§ **REQUIREMENT**
In full and exactly, please return the records, but keep out the pictures.

==== SUPPLIED ENTRIES ====

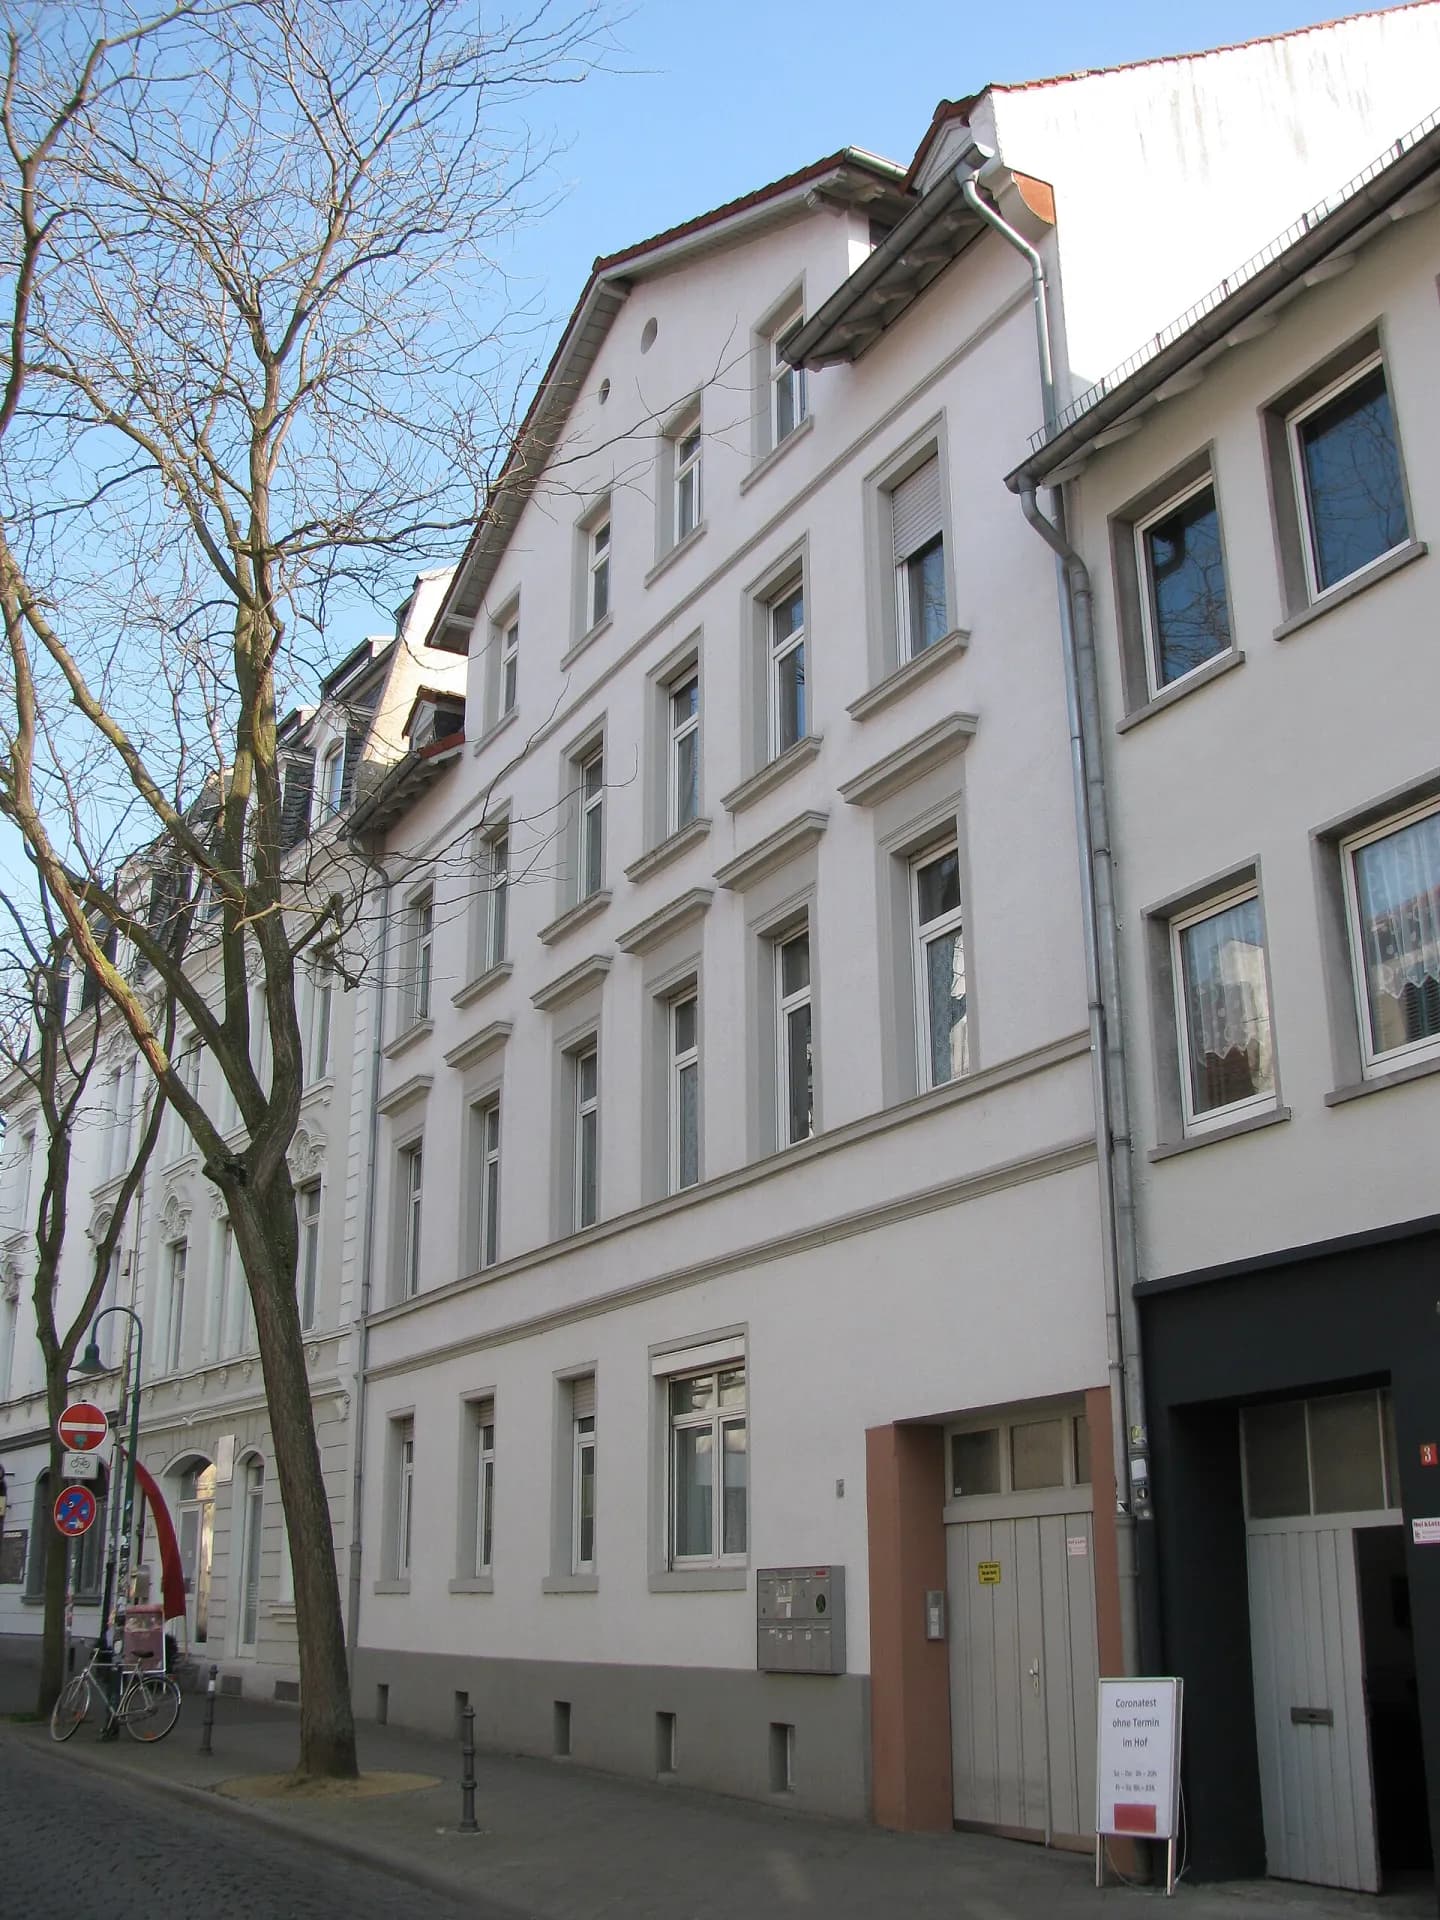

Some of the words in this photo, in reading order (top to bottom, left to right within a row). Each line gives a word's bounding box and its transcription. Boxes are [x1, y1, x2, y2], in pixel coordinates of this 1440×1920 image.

[1423, 1446, 1432, 1463] 3
[1115, 1698, 1157, 1709] Coronatest
[1112, 1717, 1131, 1728] ohne
[1133, 1717, 1160, 1728] Termin
[1122, 1738, 1132, 1748] im
[1134, 1738, 1148, 1748] Hof

====

§ **OUTPUT**
Some of the words in this photo, in reading order (top to bottom, left to right within a row). Each line gives a word's bounding box and its transcription. Boxes are [x1, y1, x2, y2], in pixel coordinates of this 1440×1920 image.

[1423, 1446, 1432, 1463] 3
[1115, 1698, 1157, 1709] Coronatest
[1112, 1717, 1131, 1728] ohne
[1133, 1717, 1160, 1728] Termin
[1122, 1738, 1132, 1748] im
[1134, 1738, 1148, 1748] Hof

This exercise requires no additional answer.